> [Problem details]:
Could each record be restated word for word?

━━━━━━━━━━━━━━━━

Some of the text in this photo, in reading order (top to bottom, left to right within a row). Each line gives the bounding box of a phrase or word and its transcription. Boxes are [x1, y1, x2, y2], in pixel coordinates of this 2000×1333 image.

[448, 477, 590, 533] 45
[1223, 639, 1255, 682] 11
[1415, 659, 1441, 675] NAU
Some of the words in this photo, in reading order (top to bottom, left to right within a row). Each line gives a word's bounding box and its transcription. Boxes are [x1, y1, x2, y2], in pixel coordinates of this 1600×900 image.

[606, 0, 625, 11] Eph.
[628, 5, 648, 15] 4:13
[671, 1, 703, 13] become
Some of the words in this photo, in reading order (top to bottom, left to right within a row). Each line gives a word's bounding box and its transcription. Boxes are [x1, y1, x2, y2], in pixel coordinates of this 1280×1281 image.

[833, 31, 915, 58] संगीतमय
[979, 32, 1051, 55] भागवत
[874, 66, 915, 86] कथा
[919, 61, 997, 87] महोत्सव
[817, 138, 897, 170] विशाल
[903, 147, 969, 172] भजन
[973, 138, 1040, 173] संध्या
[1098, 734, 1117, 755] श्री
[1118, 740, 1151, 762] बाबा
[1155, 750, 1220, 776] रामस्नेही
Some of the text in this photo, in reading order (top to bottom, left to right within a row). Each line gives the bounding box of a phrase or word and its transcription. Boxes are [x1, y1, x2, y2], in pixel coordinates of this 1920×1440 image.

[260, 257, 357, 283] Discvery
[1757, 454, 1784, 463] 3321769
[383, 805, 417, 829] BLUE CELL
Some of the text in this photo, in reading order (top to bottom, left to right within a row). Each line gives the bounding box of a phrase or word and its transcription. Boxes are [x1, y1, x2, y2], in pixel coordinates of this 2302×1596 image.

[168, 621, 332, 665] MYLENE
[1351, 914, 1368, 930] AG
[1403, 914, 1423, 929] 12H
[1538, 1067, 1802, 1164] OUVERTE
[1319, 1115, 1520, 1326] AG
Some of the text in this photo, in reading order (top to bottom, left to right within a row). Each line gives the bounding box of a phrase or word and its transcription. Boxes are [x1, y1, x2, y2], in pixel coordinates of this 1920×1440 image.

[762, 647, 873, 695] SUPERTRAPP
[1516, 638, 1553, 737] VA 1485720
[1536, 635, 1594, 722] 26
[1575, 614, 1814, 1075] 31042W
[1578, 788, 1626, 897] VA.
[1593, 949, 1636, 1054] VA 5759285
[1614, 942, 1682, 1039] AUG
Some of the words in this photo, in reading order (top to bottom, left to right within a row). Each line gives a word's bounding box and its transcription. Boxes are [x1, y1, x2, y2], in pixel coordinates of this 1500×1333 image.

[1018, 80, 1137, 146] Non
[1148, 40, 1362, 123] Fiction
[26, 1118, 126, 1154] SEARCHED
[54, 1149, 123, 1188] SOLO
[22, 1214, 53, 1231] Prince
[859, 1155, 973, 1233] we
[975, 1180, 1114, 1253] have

━━━━━━━━━━━━━━━━

> [Output below]:
Some of the text in this photo, in reading order (top to bottom, left to right within a row). Each line gives the bounding box of a phrase or word and its transcription. Boxes are [x1, y1, x2, y2], in pixel coordinates of this 2000×1333 image.

[448, 477, 590, 533] 45
[1223, 639, 1255, 682] 11
[1415, 659, 1441, 675] NAU
Some of the words in this photo, in reading order (top to bottom, left to right within a row). Each line gives a word's bounding box and its transcription. Boxes are [x1, y1, x2, y2], in pixel coordinates of this 1600×900 image.

[606, 0, 625, 11] Eph.
[628, 5, 648, 15] 4:13
[671, 1, 703, 13] become
Some of the words in this photo, in reading order (top to bottom, left to right within a row). Each line gives a word's bounding box and its transcription. Boxes are [x1, y1, x2, y2], in pixel coordinates of this 1280×1281 image.

[833, 31, 915, 58] संगीतमय
[979, 32, 1051, 55] भागवत
[874, 66, 915, 86] कथा
[919, 61, 997, 87] महोत्सव
[817, 138, 897, 170] विशाल
[903, 147, 969, 172] भजन
[973, 138, 1040, 173] संध्या
[1098, 734, 1117, 755] श्री
[1118, 740, 1151, 762] बाबा
[1155, 750, 1220, 776] रामस्नेही
Some of the text in this photo, in reading order (top to bottom, left to right within a row). Each line gives the bounding box of a phrase or word and its transcription. Boxes are [x1, y1, x2, y2], in pixel coordinates of this 1920×1440 image.

[260, 257, 357, 283] Discvery
[1757, 454, 1784, 463] 3321769
[383, 805, 417, 829] BLUE CELL
Some of the text in this photo, in reading order (top to bottom, left to right within a row). Each line gives the bounding box of a phrase or word and its transcription. Boxes are [x1, y1, x2, y2], in pixel coordinates of this 2302×1596 image.

[168, 621, 332, 665] MYLENE
[1351, 914, 1368, 930] AG
[1403, 914, 1423, 929] 12H
[1538, 1067, 1802, 1164] OUVERTE
[1319, 1115, 1520, 1326] AG
Some of the text in this photo, in reading order (top to bottom, left to right within a row). Each line gives the bounding box of a phrase or word and its transcription. Boxes are [x1, y1, x2, y2], in pixel coordinates of this 1920×1440 image.

[762, 647, 873, 695] SUPERTRAPP
[1516, 638, 1553, 737] VA 1485720
[1536, 635, 1594, 722] 26
[1575, 614, 1814, 1075] 31042W
[1578, 788, 1626, 897] VA.
[1593, 949, 1636, 1054] VA 5759285
[1614, 942, 1682, 1039] AUG
Some of the words in this photo, in reading order (top to bottom, left to right within a row). Each line gives a word's bounding box and its transcription. Boxes are [x1, y1, x2, y2], in pixel coordinates of this 1500×1333 image.

[1018, 80, 1137, 146] Non
[1148, 40, 1362, 123] Fiction
[26, 1118, 126, 1154] SEARCHED
[54, 1149, 123, 1188] SOLO
[22, 1214, 53, 1231] Prince
[859, 1155, 973, 1233] we
[975, 1180, 1114, 1253] have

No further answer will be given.